Bioorthogonal click chemistries enable simultaneous spatial patterning of multiple proteins to probe synergistic protein effects on fibroblast function.

Three biorthogonal click reactions, a photoinitiated thiol-yne reaction, an azide-alkyne cycloaddition, and a methyltetrazine-transcyclooctene Diels Alder, were used to independently control the presentation of several bioactive proteins to valvular interstitial cells (VICs) in hydrogel scaffolds. Tethered fibroblast growth factor (FGF-2) was found to suppress myofibroblast activation (from 48 ± 7% to 17 ± 6%) and promote proliferation (from 10 ± 2% to 54 ± 3%) at a concentration of 10 ng/mL. In the presence of the pro-fibrotic cytokine transforming growth factor-beta (TGF-β1), FGF-2 could protect the VIC fibroblast phenotype, even at much higher concentrations of TGF-β1 than that of FGF-2. With respect to the fibrocalcific VIC phenotype, TGF-β1 and bone-morphogenic protein-2 (BMP-2) were found to synergistically promote calcific nodule formation (a five-fold increase in nodules compared to TGF-β1 or BMP-2 alone). Exploiting the orthogonal click reactions, FGF-2, TGF-β1 and BMP-2 combinations were patterned into distinct regions on a hydrogel to control VIC activation and nodule formation. Cellular crosstalk between separate regions of the same scaffold was affected by the size of each region as well as the interfacial area between different regions.

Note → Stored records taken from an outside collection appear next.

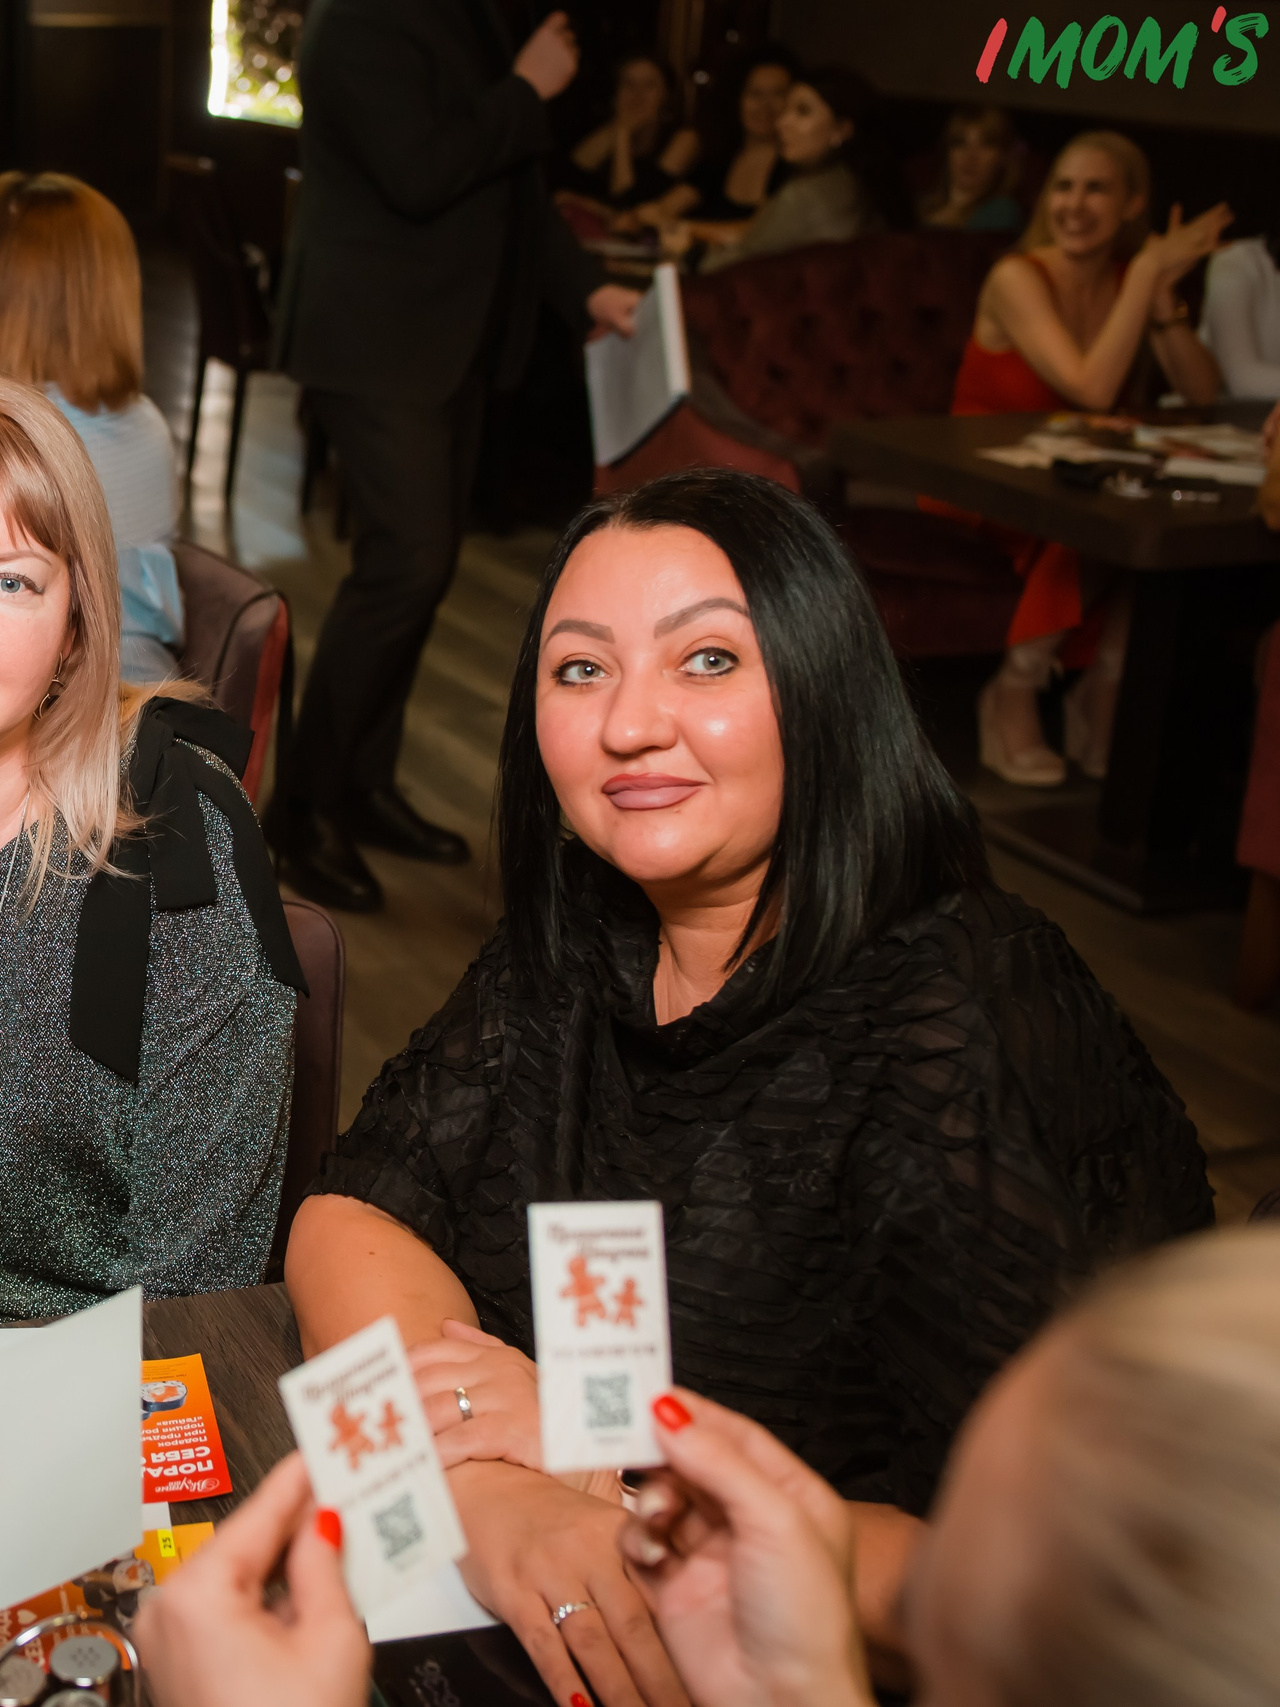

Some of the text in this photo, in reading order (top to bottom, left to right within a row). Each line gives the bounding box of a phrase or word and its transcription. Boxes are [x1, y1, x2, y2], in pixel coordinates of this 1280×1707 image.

[163, 1422, 204, 1432] порция
[184, 1429, 206, 1437] при
[158, 1436, 207, 1447] Подарок
[151, 1446, 211, 1463] СЕБЯ
[162, 1537, 172, 1549] 25
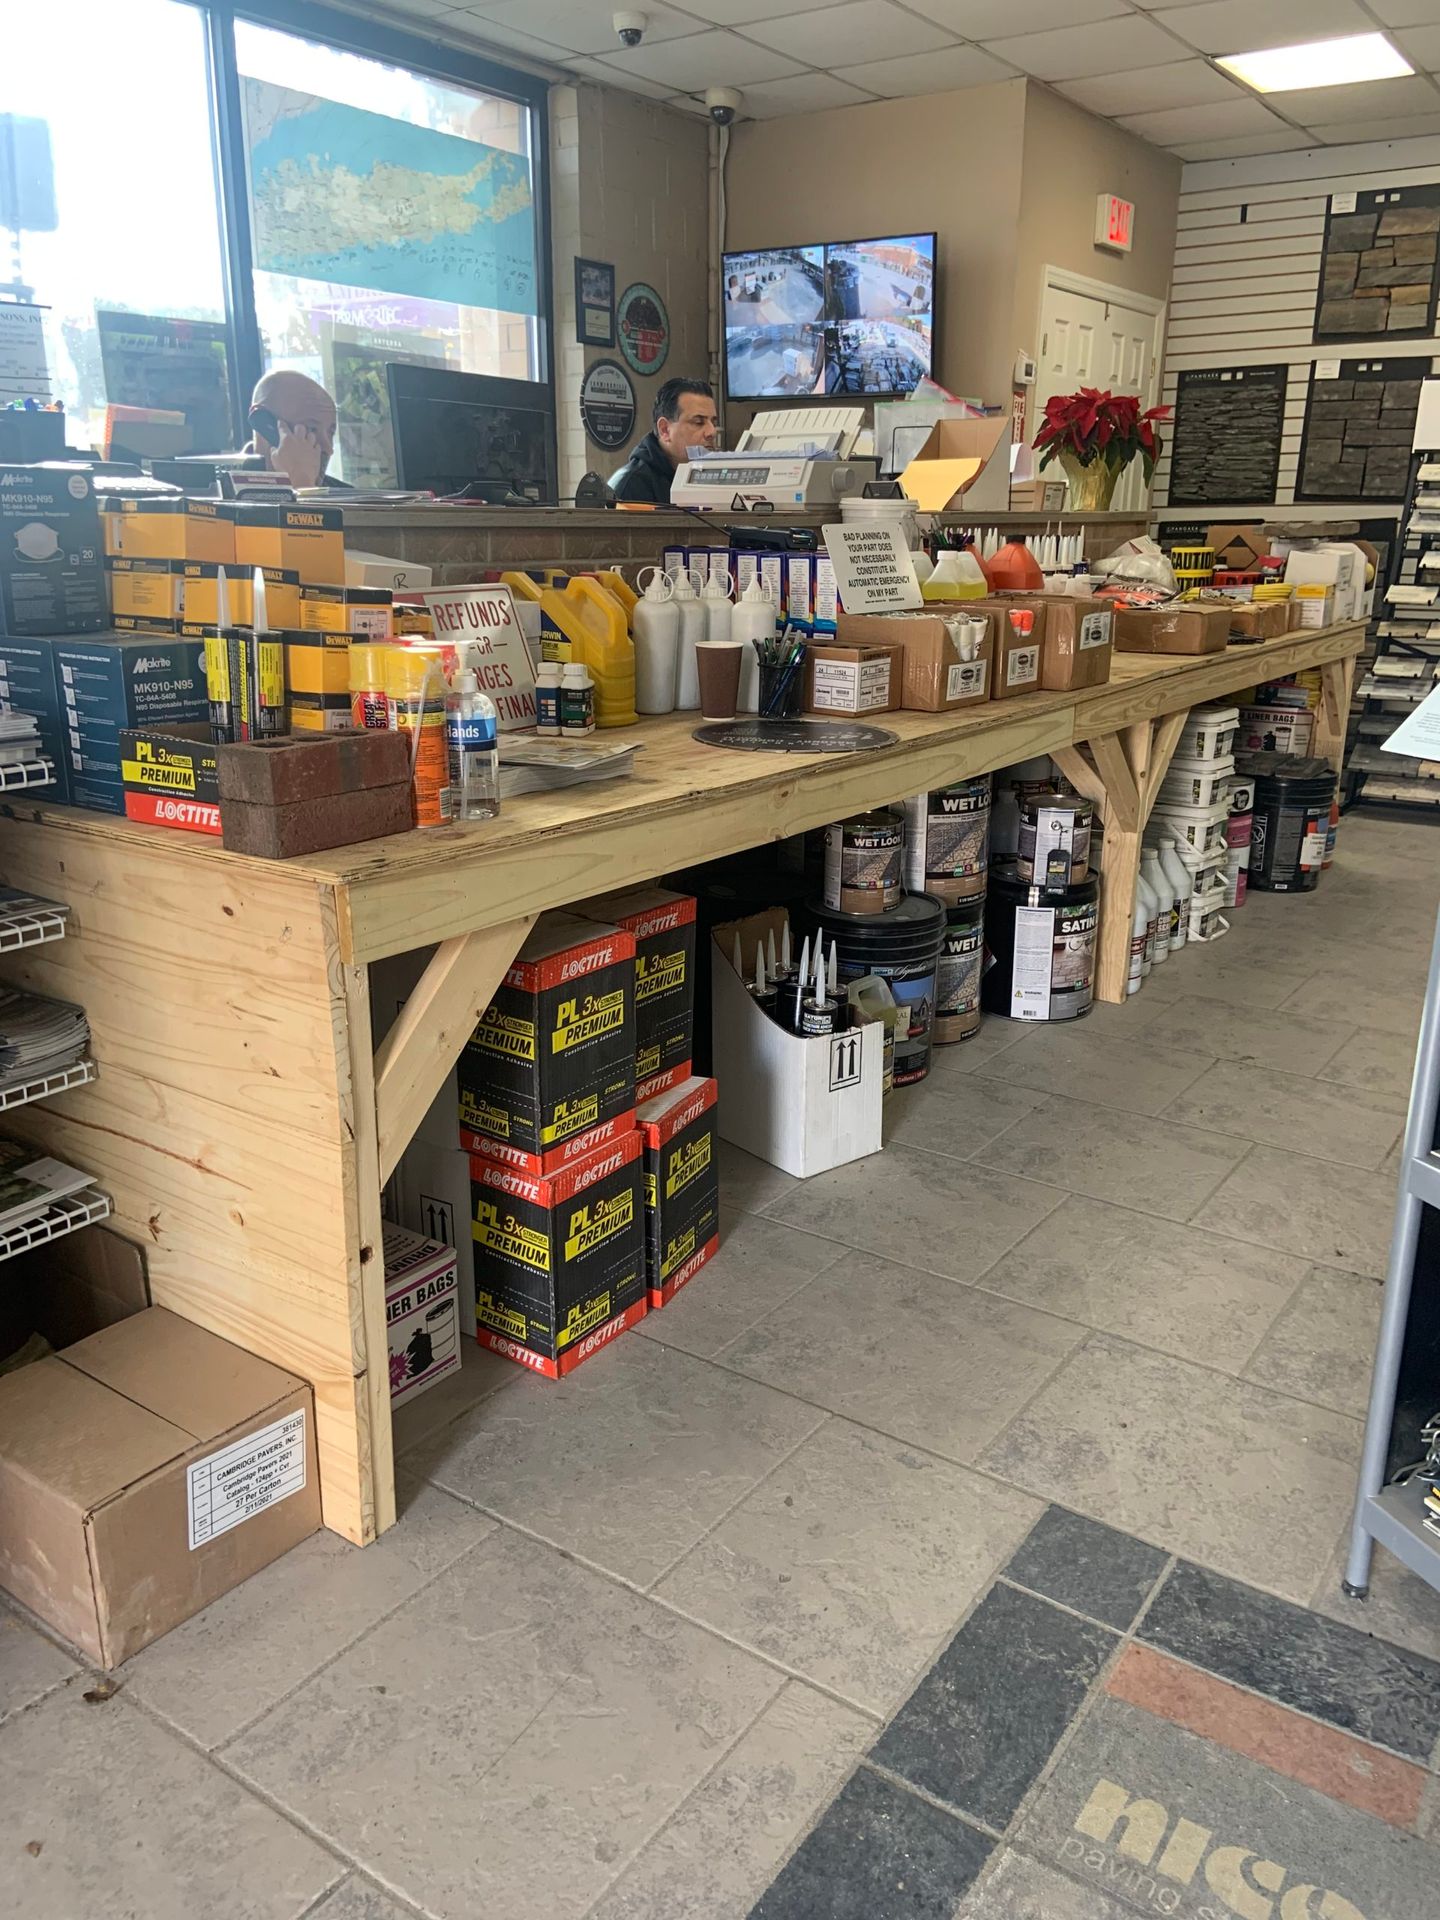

Collectively, these results demonstrate the versatility and robustness of a photoinitiated thiol-yne reaction to template pendant functionalities that allow for the bioconjugation of multiple proteins. This approach maintains protein bioactivity, providing an in vitro platform capable of achieving a better understanding of the complex mechanisms involved in tissue fibrosis.